_Required action:_ A complete and exact copy of the data below is required.

_Supplied records:_
———

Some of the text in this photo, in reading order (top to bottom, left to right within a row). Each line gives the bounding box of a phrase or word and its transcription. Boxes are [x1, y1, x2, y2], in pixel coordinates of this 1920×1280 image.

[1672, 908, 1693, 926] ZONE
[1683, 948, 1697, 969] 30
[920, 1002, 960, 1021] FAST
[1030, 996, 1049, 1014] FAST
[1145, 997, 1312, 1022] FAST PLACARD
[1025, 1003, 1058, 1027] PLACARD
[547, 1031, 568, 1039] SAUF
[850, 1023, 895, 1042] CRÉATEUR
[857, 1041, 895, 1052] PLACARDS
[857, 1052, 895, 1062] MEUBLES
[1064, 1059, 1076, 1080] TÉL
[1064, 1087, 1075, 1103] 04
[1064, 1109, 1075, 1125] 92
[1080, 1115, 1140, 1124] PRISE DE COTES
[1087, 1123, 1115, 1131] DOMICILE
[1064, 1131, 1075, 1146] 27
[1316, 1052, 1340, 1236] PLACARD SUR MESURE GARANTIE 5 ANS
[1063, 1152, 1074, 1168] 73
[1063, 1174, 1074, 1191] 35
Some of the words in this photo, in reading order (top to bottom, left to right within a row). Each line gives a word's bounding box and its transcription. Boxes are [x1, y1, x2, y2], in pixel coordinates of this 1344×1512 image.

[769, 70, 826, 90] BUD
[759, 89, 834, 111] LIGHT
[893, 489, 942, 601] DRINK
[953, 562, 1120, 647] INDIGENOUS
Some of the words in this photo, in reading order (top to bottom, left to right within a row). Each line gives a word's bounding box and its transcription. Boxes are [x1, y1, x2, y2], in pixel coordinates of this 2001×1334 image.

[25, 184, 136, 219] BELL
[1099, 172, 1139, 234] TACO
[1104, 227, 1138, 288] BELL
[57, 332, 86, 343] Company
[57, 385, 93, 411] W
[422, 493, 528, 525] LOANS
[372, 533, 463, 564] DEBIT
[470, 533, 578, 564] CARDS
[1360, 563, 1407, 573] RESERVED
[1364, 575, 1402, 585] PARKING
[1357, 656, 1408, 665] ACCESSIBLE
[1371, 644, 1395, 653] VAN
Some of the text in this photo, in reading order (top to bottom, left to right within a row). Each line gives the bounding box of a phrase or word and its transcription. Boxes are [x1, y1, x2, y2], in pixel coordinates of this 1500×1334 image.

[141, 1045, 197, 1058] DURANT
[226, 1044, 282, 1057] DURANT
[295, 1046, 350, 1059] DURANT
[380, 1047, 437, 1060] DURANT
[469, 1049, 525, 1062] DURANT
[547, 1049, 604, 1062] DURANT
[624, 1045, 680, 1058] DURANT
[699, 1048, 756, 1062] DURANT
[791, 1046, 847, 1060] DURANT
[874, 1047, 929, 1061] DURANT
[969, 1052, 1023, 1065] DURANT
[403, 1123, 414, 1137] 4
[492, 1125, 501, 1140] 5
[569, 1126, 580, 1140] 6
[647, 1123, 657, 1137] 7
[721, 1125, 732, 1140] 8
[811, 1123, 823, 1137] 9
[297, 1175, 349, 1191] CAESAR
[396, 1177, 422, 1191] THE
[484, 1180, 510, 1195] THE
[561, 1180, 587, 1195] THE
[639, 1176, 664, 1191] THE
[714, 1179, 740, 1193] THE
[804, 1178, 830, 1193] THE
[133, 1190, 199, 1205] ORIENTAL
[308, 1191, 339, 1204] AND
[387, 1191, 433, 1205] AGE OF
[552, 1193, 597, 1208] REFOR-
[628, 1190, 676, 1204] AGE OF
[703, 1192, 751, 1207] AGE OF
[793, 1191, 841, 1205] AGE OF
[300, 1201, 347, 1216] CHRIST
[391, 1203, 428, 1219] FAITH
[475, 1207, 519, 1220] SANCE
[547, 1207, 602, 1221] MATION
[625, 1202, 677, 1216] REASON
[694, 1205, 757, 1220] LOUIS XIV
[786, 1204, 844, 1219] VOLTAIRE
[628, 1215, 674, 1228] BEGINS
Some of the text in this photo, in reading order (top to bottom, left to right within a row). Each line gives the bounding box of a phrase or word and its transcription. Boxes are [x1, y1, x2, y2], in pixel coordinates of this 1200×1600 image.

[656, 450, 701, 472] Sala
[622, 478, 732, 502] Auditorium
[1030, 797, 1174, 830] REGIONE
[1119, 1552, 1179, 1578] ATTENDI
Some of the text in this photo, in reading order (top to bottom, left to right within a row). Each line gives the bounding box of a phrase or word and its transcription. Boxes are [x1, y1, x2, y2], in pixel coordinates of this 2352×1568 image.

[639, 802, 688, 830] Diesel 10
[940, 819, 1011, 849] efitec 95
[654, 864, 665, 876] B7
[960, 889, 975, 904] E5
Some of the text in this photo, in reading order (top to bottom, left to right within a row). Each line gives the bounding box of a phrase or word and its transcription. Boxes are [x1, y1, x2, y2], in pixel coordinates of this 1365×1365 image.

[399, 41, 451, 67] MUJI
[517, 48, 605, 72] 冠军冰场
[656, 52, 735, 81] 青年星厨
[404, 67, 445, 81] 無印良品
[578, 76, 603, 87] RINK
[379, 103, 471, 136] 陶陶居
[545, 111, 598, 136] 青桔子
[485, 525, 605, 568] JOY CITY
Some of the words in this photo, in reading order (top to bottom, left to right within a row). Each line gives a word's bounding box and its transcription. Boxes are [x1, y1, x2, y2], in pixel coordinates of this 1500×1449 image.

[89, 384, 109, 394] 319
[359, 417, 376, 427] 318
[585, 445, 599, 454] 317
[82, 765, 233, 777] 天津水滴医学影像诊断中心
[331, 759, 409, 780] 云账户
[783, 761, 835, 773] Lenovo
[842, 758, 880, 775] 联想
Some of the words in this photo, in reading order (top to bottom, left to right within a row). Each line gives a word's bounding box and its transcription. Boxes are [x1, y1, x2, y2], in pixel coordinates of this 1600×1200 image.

———

_Result of this exercise:_
Some of the text in this photo, in reading order (top to bottom, left to right within a row). Each line gives the bounding box of a phrase or word and its transcription. Boxes are [x1, y1, x2, y2], in pixel coordinates of this 1920×1280 image.

[1672, 908, 1693, 926] ZONE
[1683, 948, 1697, 969] 30
[920, 1002, 960, 1021] FAST
[1030, 996, 1049, 1014] FAST
[1145, 997, 1312, 1022] FAST PLACARD
[1025, 1003, 1058, 1027] PLACARD
[547, 1031, 568, 1039] SAUF
[850, 1023, 895, 1042] CRÉATEUR
[857, 1041, 895, 1052] PLACARDS
[857, 1052, 895, 1062] MEUBLES
[1064, 1059, 1076, 1080] TÉL
[1064, 1087, 1075, 1103] 04
[1064, 1109, 1075, 1125] 92
[1080, 1115, 1140, 1124] PRISE DE COTES
[1087, 1123, 1115, 1131] DOMICILE
[1064, 1131, 1075, 1146] 27
[1316, 1052, 1340, 1236] PLACARD SUR MESURE GARANTIE 5 ANS
[1063, 1152, 1074, 1168] 73
[1063, 1174, 1074, 1191] 35
Some of the words in this photo, in reading order (top to bottom, left to right within a row). Each line gives a word's bounding box and its transcription. Boxes are [x1, y1, x2, y2], in pixel coordinates of this 1344×1512 image.

[769, 70, 826, 90] BUD
[759, 89, 834, 111] LIGHT
[893, 489, 942, 601] DRINK
[953, 562, 1120, 647] INDIGENOUS
Some of the words in this photo, in reading order (top to bottom, left to right within a row). Each line gives a word's bounding box and its transcription. Boxes are [x1, y1, x2, y2], in pixel coordinates of this 2001×1334 image.

[25, 184, 136, 219] BELL
[1099, 172, 1139, 234] TACO
[1104, 227, 1138, 288] BELL
[57, 332, 86, 343] Company
[57, 385, 93, 411] W
[422, 493, 528, 525] LOANS
[372, 533, 463, 564] DEBIT
[470, 533, 578, 564] CARDS
[1360, 563, 1407, 573] RESERVED
[1364, 575, 1402, 585] PARKING
[1357, 656, 1408, 665] ACCESSIBLE
[1371, 644, 1395, 653] VAN
Some of the text in this photo, in reading order (top to bottom, left to right within a row). Each line gives the bounding box of a phrase or word and its transcription. Boxes are [x1, y1, x2, y2], in pixel coordinates of this 1500×1334 image.

[141, 1045, 197, 1058] DURANT
[226, 1044, 282, 1057] DURANT
[295, 1046, 350, 1059] DURANT
[380, 1047, 437, 1060] DURANT
[469, 1049, 525, 1062] DURANT
[547, 1049, 604, 1062] DURANT
[624, 1045, 680, 1058] DURANT
[699, 1048, 756, 1062] DURANT
[791, 1046, 847, 1060] DURANT
[874, 1047, 929, 1061] DURANT
[969, 1052, 1023, 1065] DURANT
[403, 1123, 414, 1137] 4
[492, 1125, 501, 1140] 5
[569, 1126, 580, 1140] 6
[647, 1123, 657, 1137] 7
[721, 1125, 732, 1140] 8
[811, 1123, 823, 1137] 9
[297, 1175, 349, 1191] CAESAR
[396, 1177, 422, 1191] THE
[484, 1180, 510, 1195] THE
[561, 1180, 587, 1195] THE
[639, 1176, 664, 1191] THE
[714, 1179, 740, 1193] THE
[804, 1178, 830, 1193] THE
[133, 1190, 199, 1205] ORIENTAL
[308, 1191, 339, 1204] AND
[387, 1191, 433, 1205] AGE OF
[552, 1193, 597, 1208] REFOR-
[628, 1190, 676, 1204] AGE OF
[703, 1192, 751, 1207] AGE OF
[793, 1191, 841, 1205] AGE OF
[300, 1201, 347, 1216] CHRIST
[391, 1203, 428, 1219] FAITH
[475, 1207, 519, 1220] SANCE
[547, 1207, 602, 1221] MATION
[625, 1202, 677, 1216] REASON
[694, 1205, 757, 1220] LOUIS XIV
[786, 1204, 844, 1219] VOLTAIRE
[628, 1215, 674, 1228] BEGINS
Some of the text in this photo, in reading order (top to bottom, left to right within a row). Each line gives the bounding box of a phrase or word and its transcription. Boxes are [x1, y1, x2, y2], in pixel coordinates of this 1200×1600 image.

[656, 450, 701, 472] Sala
[622, 478, 732, 502] Auditorium
[1030, 797, 1174, 830] REGIONE
[1119, 1552, 1179, 1578] ATTENDI
Some of the text in this photo, in reading order (top to bottom, left to right within a row). Each line gives the bounding box of a phrase or word and its transcription. Boxes are [x1, y1, x2, y2], in pixel coordinates of this 2352×1568 image.

[639, 802, 688, 830] Diesel 10
[940, 819, 1011, 849] efitec 95
[654, 864, 665, 876] B7
[960, 889, 975, 904] E5
Some of the text in this photo, in reading order (top to bottom, left to right within a row). Each line gives the bounding box of a phrase or word and its transcription. Boxes are [x1, y1, x2, y2], in pixel coordinates of this 1365×1365 image.

[399, 41, 451, 67] MUJI
[517, 48, 605, 72] 冠军冰场
[656, 52, 735, 81] 青年星厨
[404, 67, 445, 81] 無印良品
[578, 76, 603, 87] RINK
[379, 103, 471, 136] 陶陶居
[545, 111, 598, 136] 青桔子
[485, 525, 605, 568] JOY CITY
Some of the words in this photo, in reading order (top to bottom, left to right within a row). Each line gives a word's bounding box and its transcription. Boxes are [x1, y1, x2, y2], in pixel coordinates of this 1500×1449 image.

[89, 384, 109, 394] 319
[359, 417, 376, 427] 318
[585, 445, 599, 454] 317
[82, 765, 233, 777] 天津水滴医学影像诊断中心
[331, 759, 409, 780] 云账户
[783, 761, 835, 773] Lenovo
[842, 758, 880, 775] 联想
Some of the words in this photo, in reading order (top to bottom, left to right within a row). Each line gives a word's bounding box and its transcription. Boxes are [x1, y1, x2, y2], in pixel coordinates of this 1600×1200 image.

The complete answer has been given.